(Items from a data source)

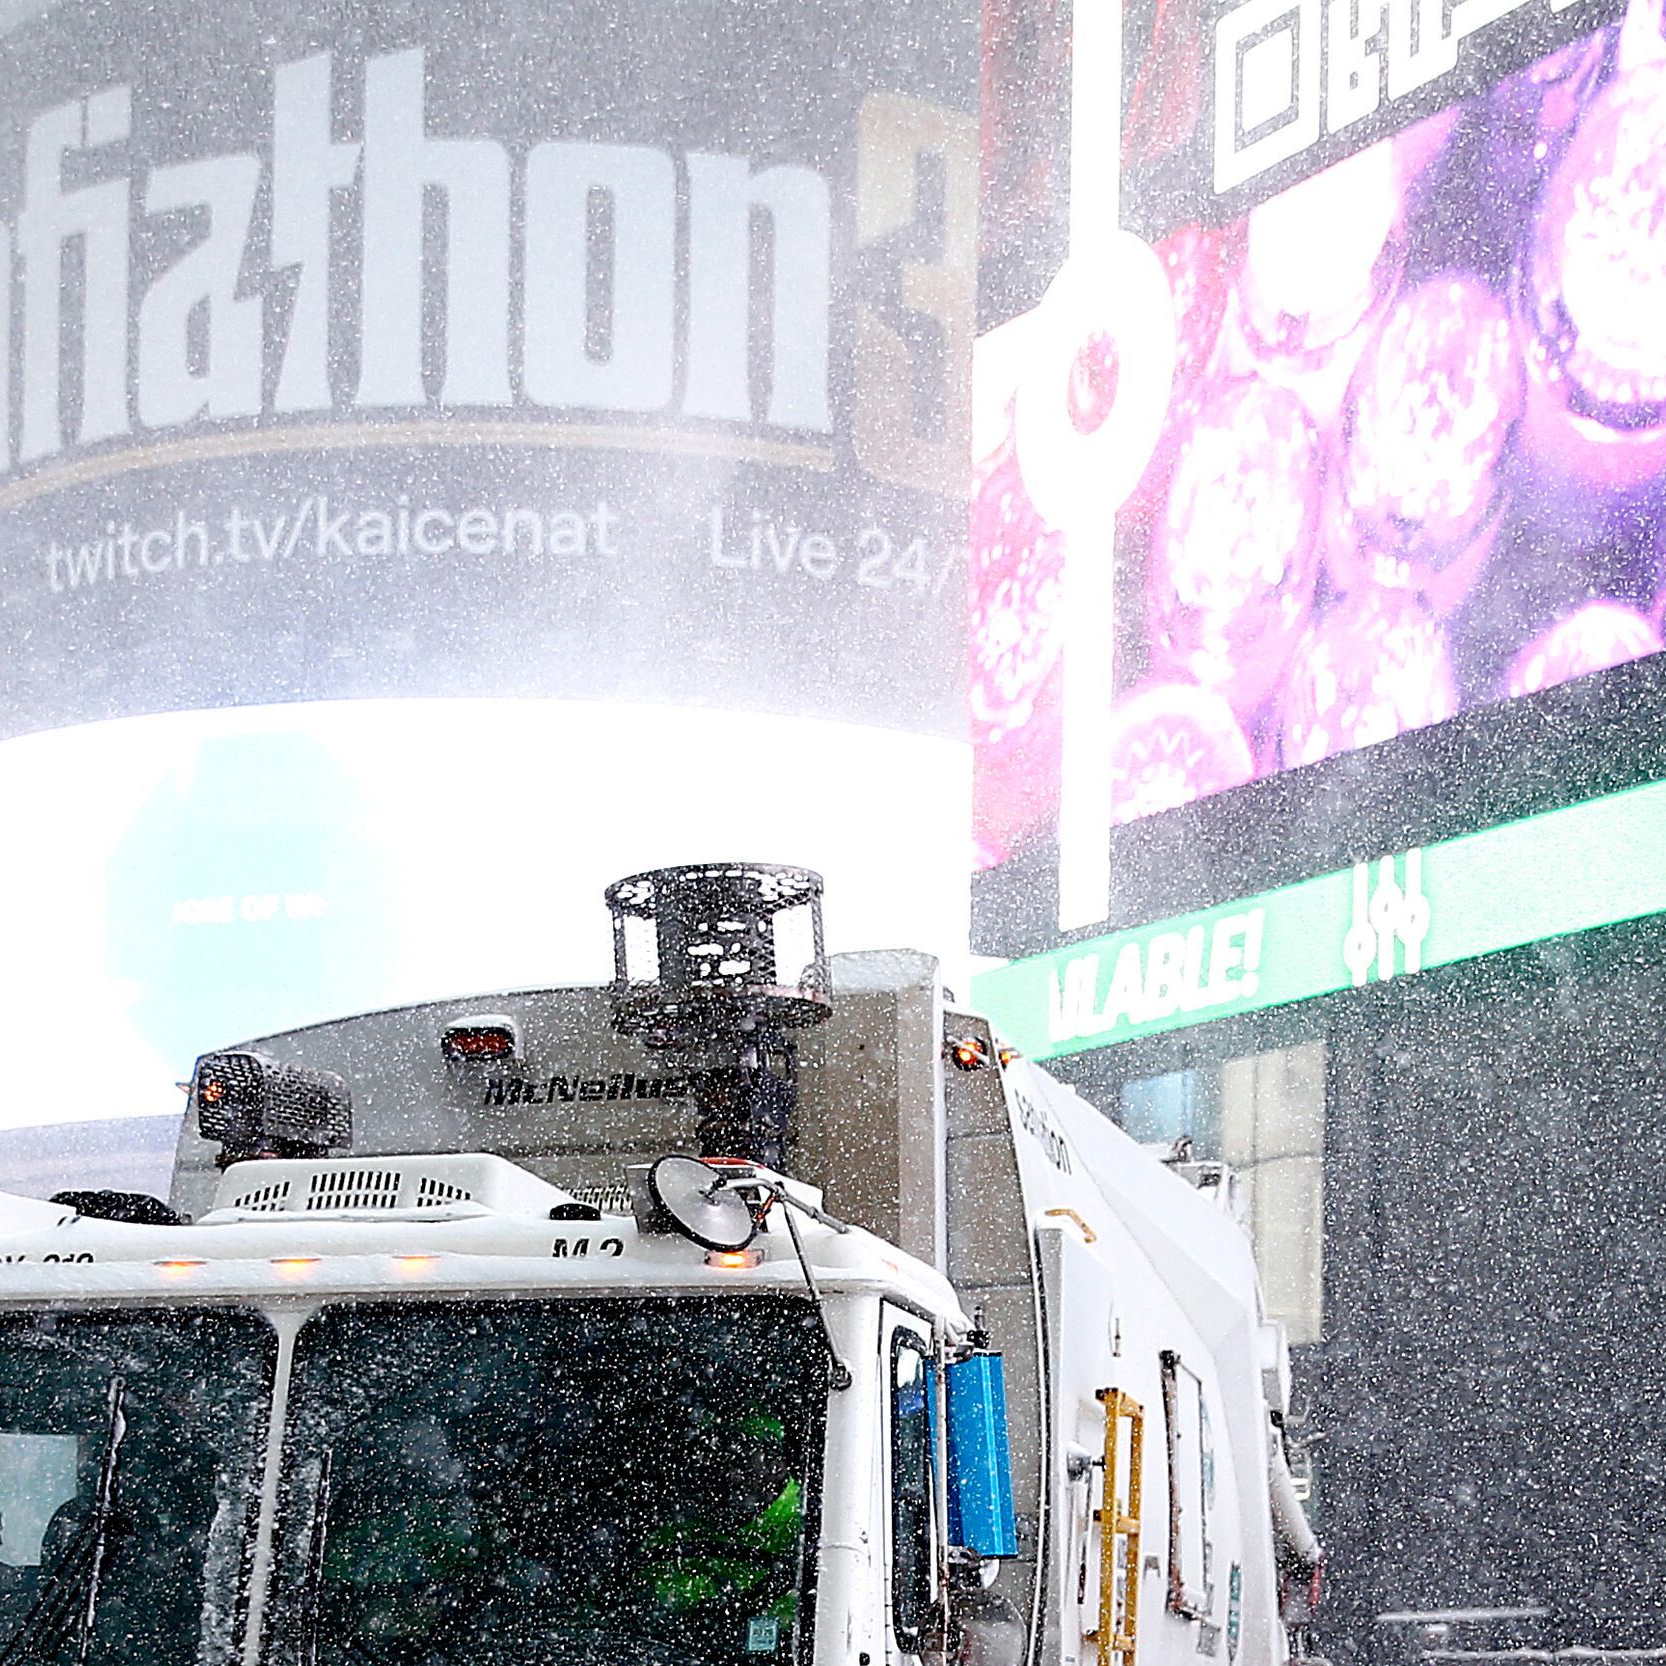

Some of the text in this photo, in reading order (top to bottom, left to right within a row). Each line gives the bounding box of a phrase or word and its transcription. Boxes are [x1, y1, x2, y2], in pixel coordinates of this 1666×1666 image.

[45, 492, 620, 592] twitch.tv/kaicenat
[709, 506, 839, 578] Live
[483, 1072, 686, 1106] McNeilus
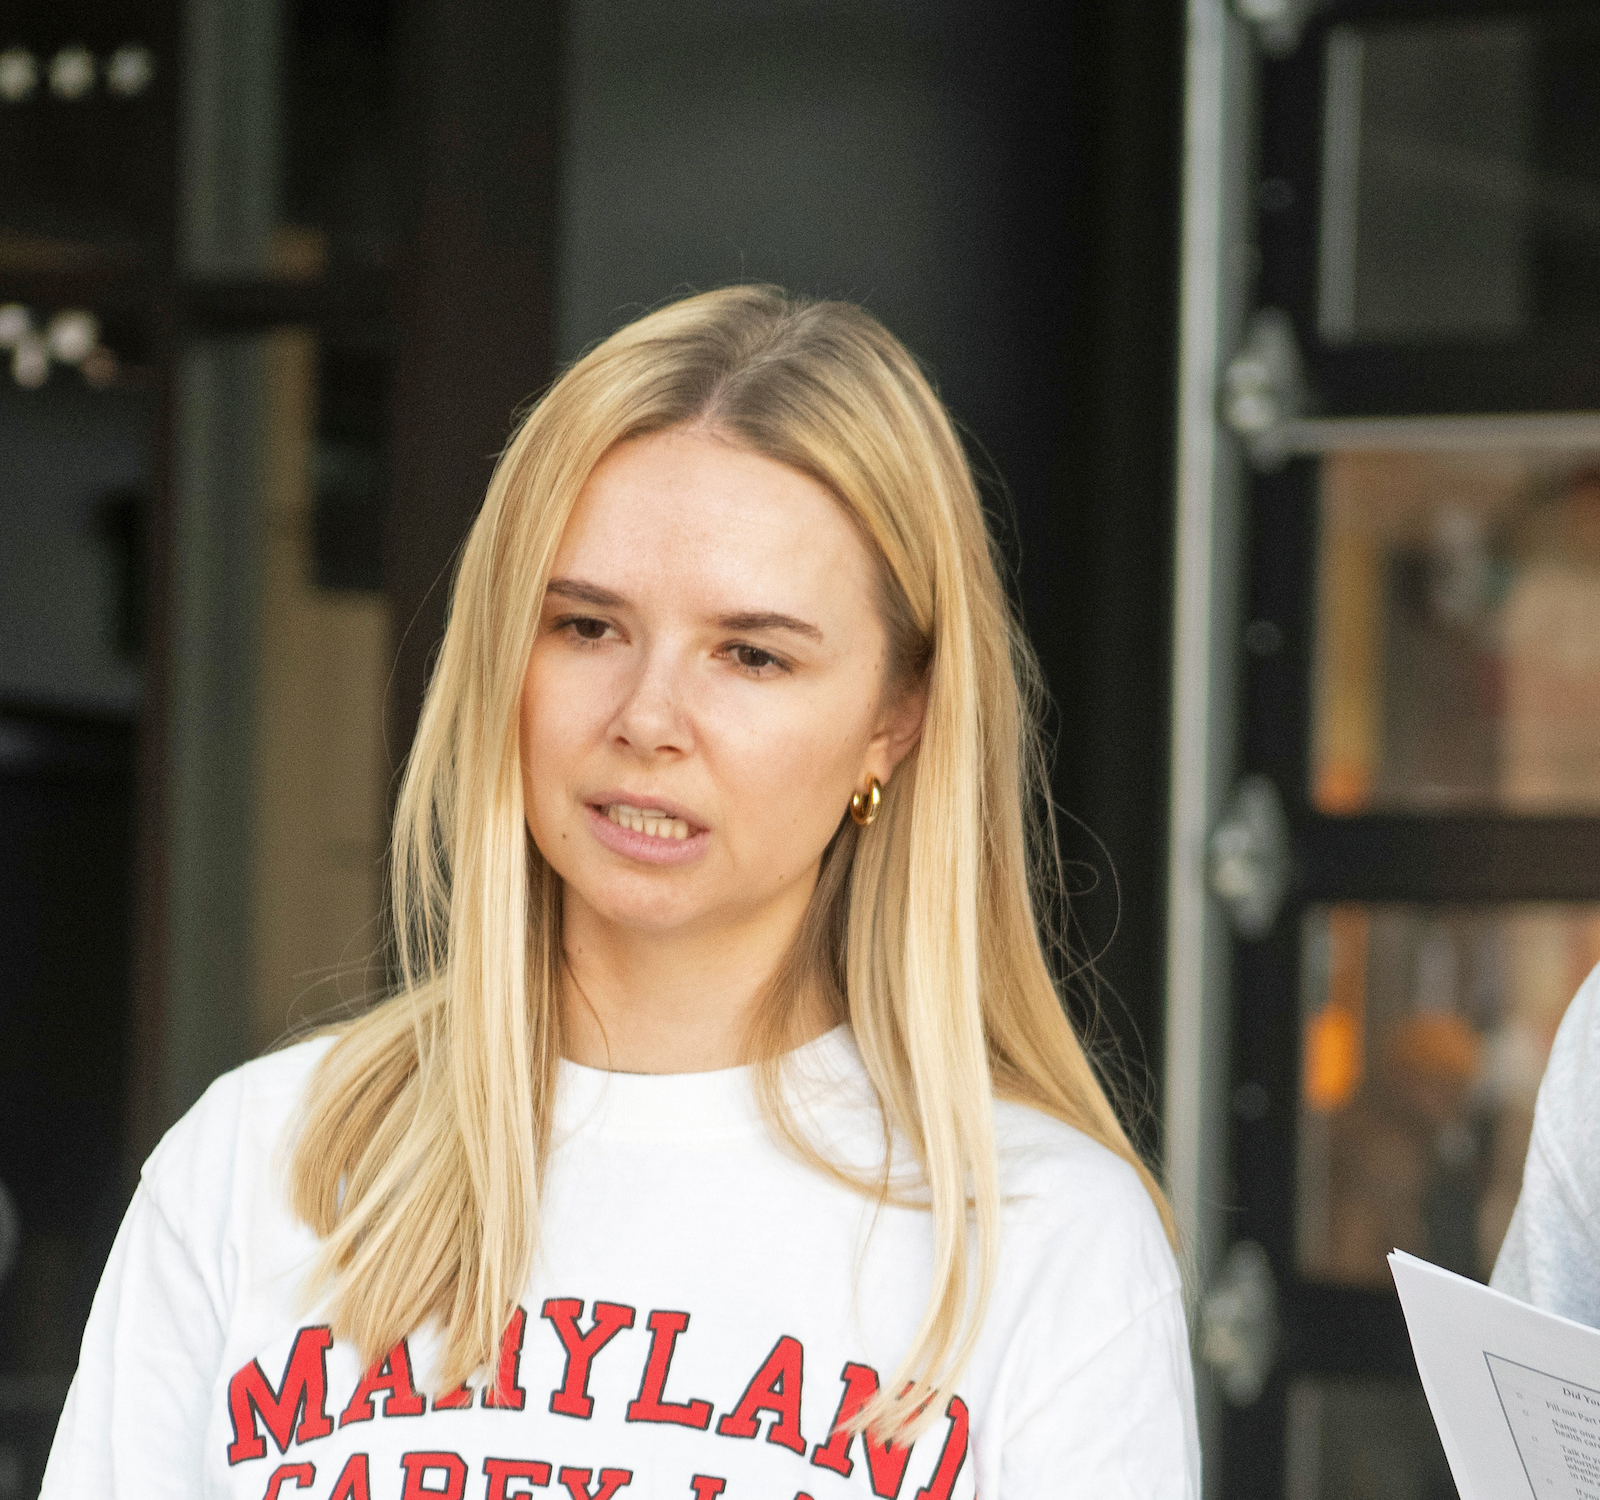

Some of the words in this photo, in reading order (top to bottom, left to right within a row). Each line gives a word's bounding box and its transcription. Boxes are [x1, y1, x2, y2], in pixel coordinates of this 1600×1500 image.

_EXERCISE AIM_.
Copy the records exactly. Skip the pictures.

_RESPONSE BELOW_.
Some of the text in this photo, in reading order (top to bottom, left to right within a row). Each line gives the bounding box of a phrase or word and its transcription. Boxes are [x1, y1, x2, y2], in pixel coordinates of this 1666×1666 image.

[45, 492, 620, 592] twitch.tv/kaicenat
[709, 506, 839, 578] Live
[483, 1072, 686, 1106] McNeilus

Some of the words in this photo, in reading order (top to bottom, left to right within a row). Each line gives a word's bounding box and its transcription. Boxes are [x1, y1, x2, y2], in pixel coordinates of this 1600×1500 image.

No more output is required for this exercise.